Given the obvious desirability of integrating online and offline data about consumers, the purveyors of same are now engaged in an armed truce with extensive coopetition. Nobody who has a big data store wants to share. Nobody who knows how to use it properly is in a prime position to use it all. This is important to realize because each in turn makes big claims about what they alone can do.

Key Performance Indicators (KPIs)

Public companies all share certain metrics of success at an enterprise level that are interesting to investors. An example is EBITDA, which along with Earnings per Share (EPS) and stock price appreciation are probably the most important KPIs on which CEO’s and other top executives are graded. While it would be useful to have an enterprise metric that shows change in the value of the franchise at the customer level, few large publicly traded companies do this. Instead, they make inferences that attempt to translate various operational and campaign metrics (e.g. Click to Buy ratio) into broader and often subjective measures of marketing success (e.g. ROMI). Over the past decade, conventional metrics such as surveyed intent to purchase and brand strength have given way to attributed sales online. This is largely because the latter is perceived to be a harder metric, and not because it necessarily captures all of the results of marketing. There is continued pressure on marketing leaders to attribute every atomic event or tactic to a sale and this has led to a large shift in emphasis as well as the skill sets of marketers. There have been unintended consequences of this trend. Organizations have seen decays in conversion that increase more rapidly in each new channel. This is often blamed on the fragmentation of the media market and short attention spans. Another contributing factor is the emphasis on short term results at the expense of brand health. It is becoming harder to close sales because the consumer has not had the time or inclination to form a relationship with the brand. The usual solution to this is to increase the emphasis on acquiring new customers, which may throw gasoline on the fire by lowering the margin on the consumer portfolio, increasing the time to value for each new account and increasing the risk of defection by the customers who produce profit. While improved sophistication in the analytical toolbox can mitigate these problems, some companies have already done great harm to their brands that may take years of investment to correct.

Self Service Profiles

Marketing organizations have, to one degree or another, allowed consumers to set preferences in a variety of ways for years. Whether it’s telling a hotel that you want to get a certain type of pillow or going on a website and saying they only want email for service notices and to use direct mail or nothing for marketing messages, it becoming increasingly possible for users to tailor their experiences to their own liking. While altering a browsing experience or serving relevant content based on a user defined profile is relatively simple, more complex is allowing this information to alter the totality of the consumer’s experience across touches and time. With DMPs and other tools, organizations now have the capability to allow user defined preferences to drive experiences across multiple channels in near simultaneity. Unfortunately, in some jurisdictions this activity may be prohibited, even where consumers indicate this is what they want. Ironically, in these same jurisdictions, consumers increasingly must be given a place to go to let a company know whether they wish to be forgotten (i.e., not tracked online), have their profiles expunged or have a report of all data kept on them. This puts companies in the interesting place of having to determine if and how they might create “no profile, profiles.”

Governance

Organizations must provide for accountability of the accuracy and disposition of all consumer information they capture, store, manipulate and otherwise act upon. This is necessary for audit purposes, as a learning mechanism and, when necessary, to provide for legal defense. The process by which this is done is known as data governance. While there are other data governance functions, what concerns us now most are those that have to do with rules about who “owns the data,” as well as rules for how data are treated.

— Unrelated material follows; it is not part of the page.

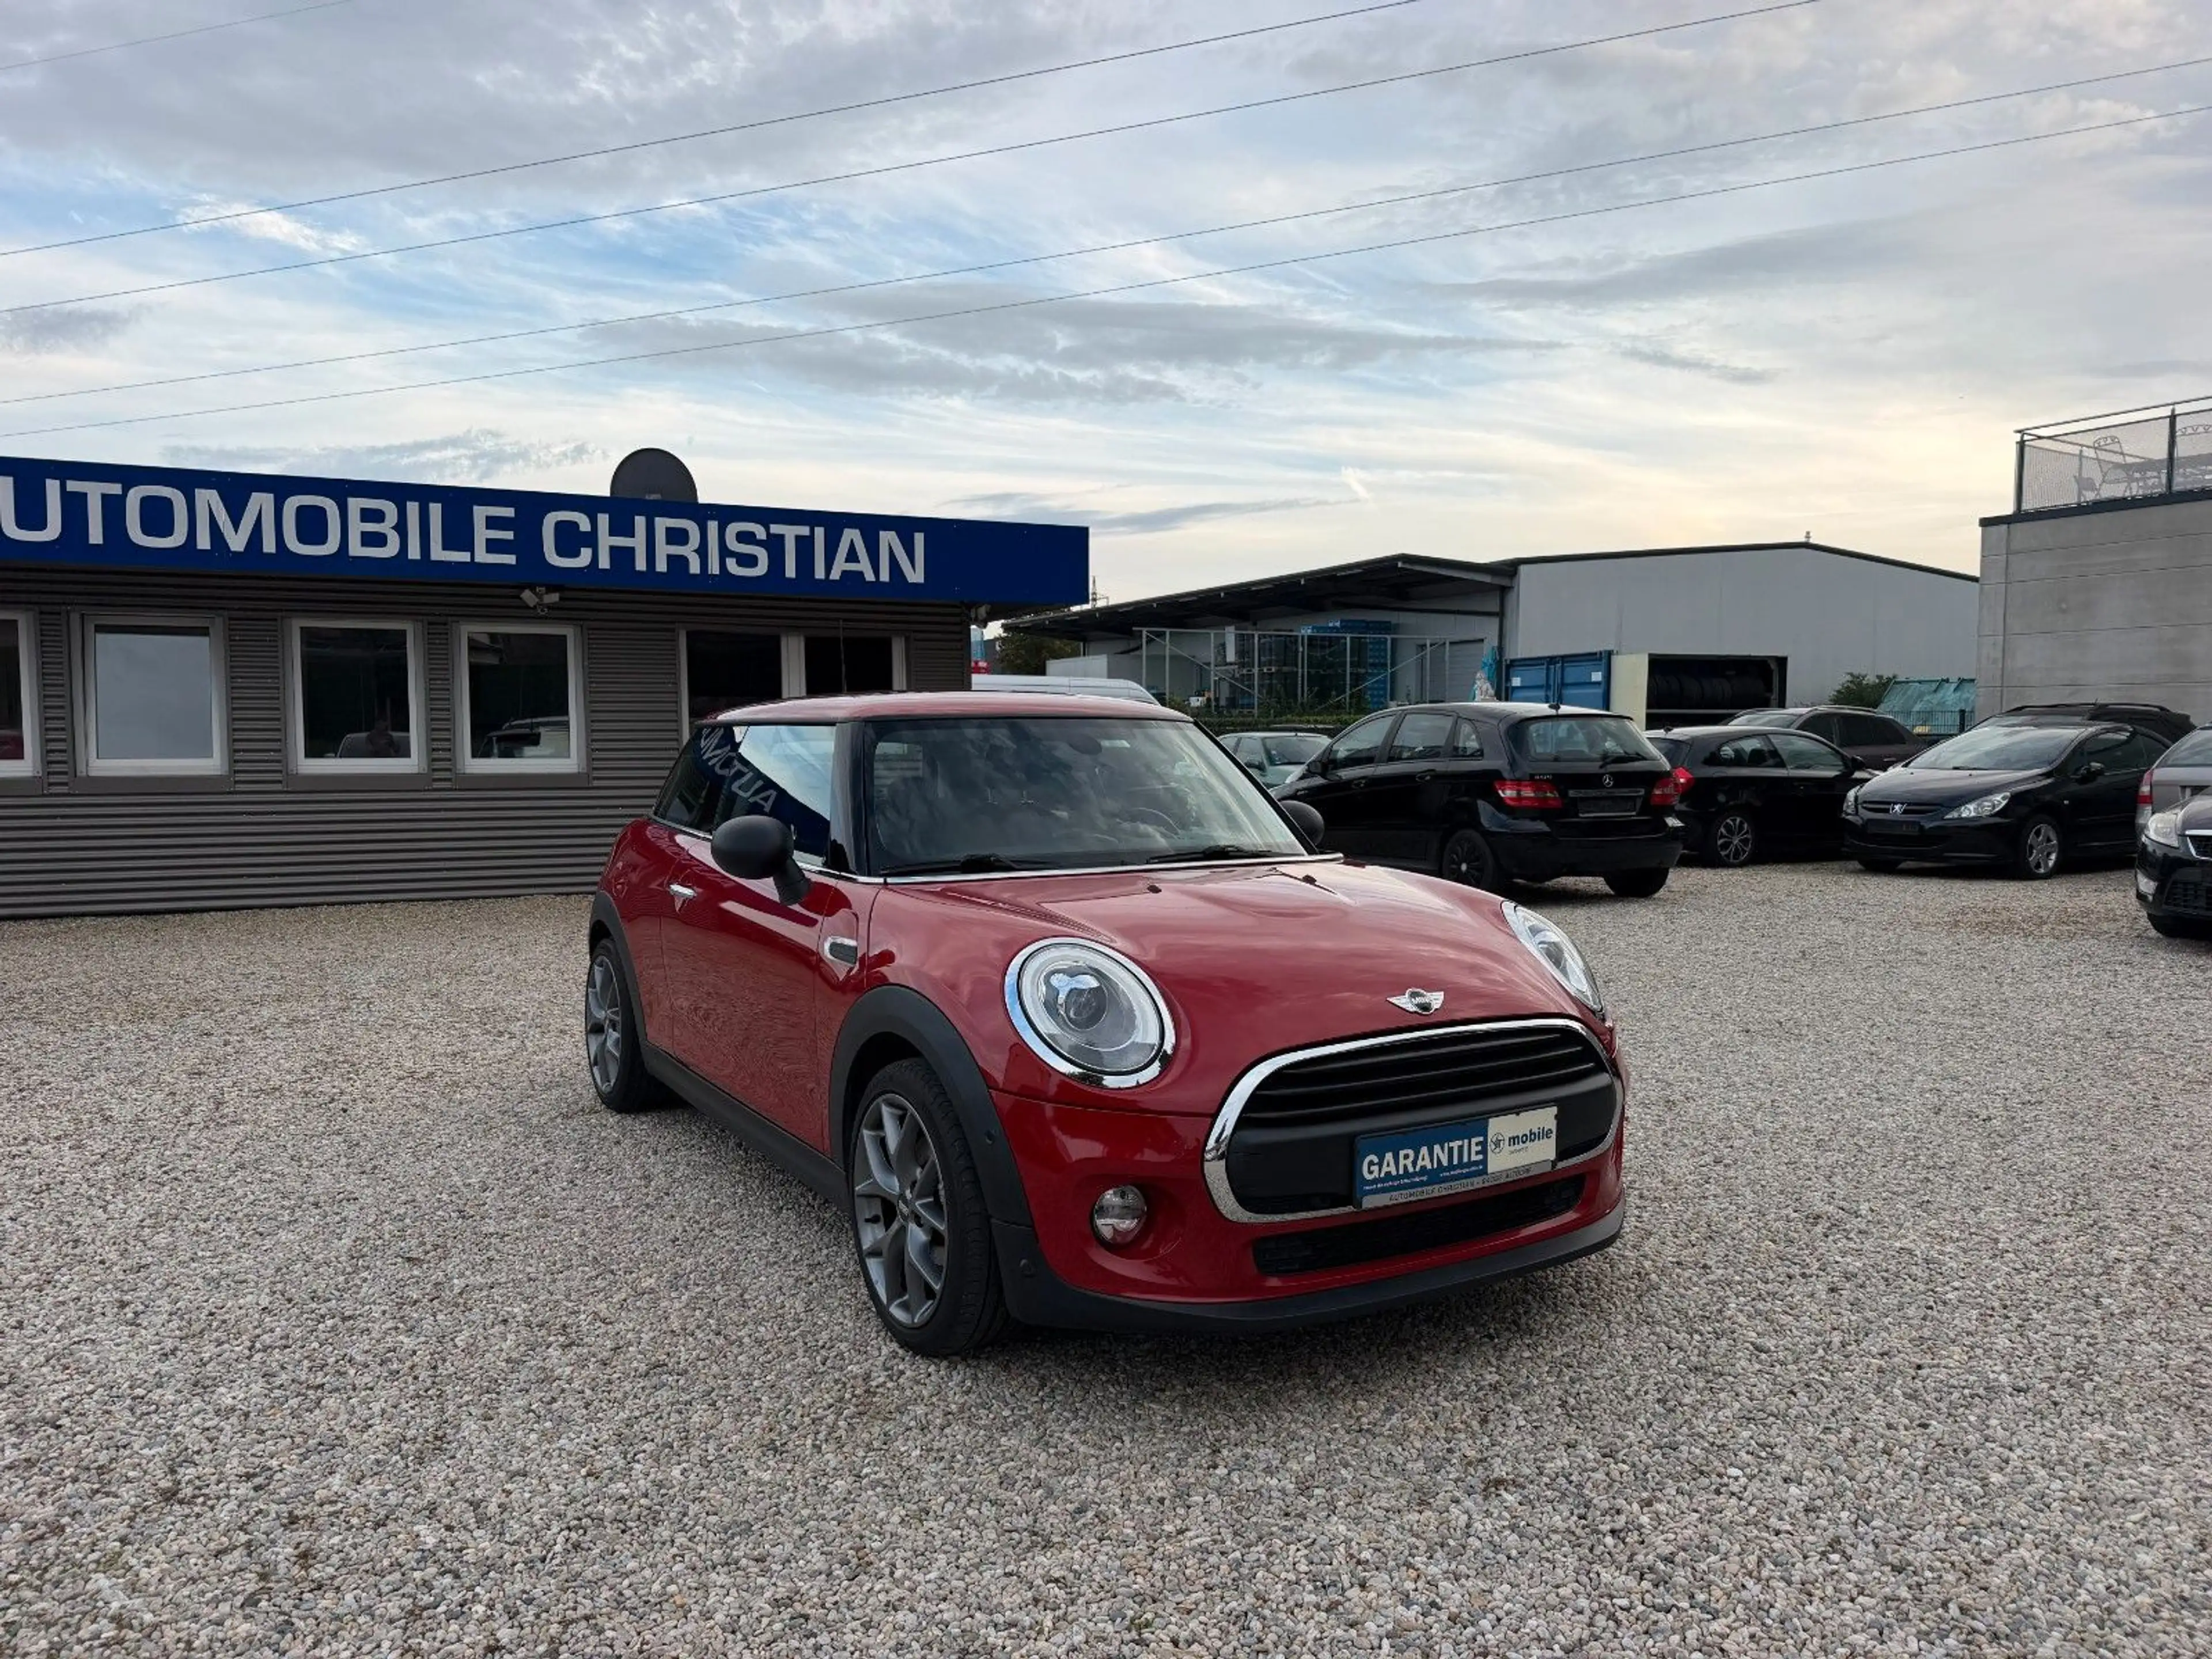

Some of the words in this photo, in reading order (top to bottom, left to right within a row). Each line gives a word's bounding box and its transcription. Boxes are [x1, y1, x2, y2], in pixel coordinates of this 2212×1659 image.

[541, 510, 925, 584] CHRISTIAN
[1362, 1136, 1484, 1180] GARANTIE
[1508, 1126, 1554, 1147] mobile

As applied to consumer data, governance means that the company knows and has assigned accountability for why each piece of data is collected, how it is used and how it will be disposed of when no longer necessary. Rules for how data elements can be combined also fall within the purview of governance. Procedures for data review and audit, as well as data security including assigning and monitoring access rights are also part of the work of data governance.

Clearly, a lack of appropriate data governance produces significant risks to the enterprise. An historic example of the risk of malfeasance would be fallout over pre-approving credit for deceased persons. In EU If the company can’t give an up to date and complete account of the data collected and the uses for same to a requesting individual then cost of litigation can be extreme.

On the other hand, appropriate governance can help an organization understand and leverage the value of the data it legitimately has.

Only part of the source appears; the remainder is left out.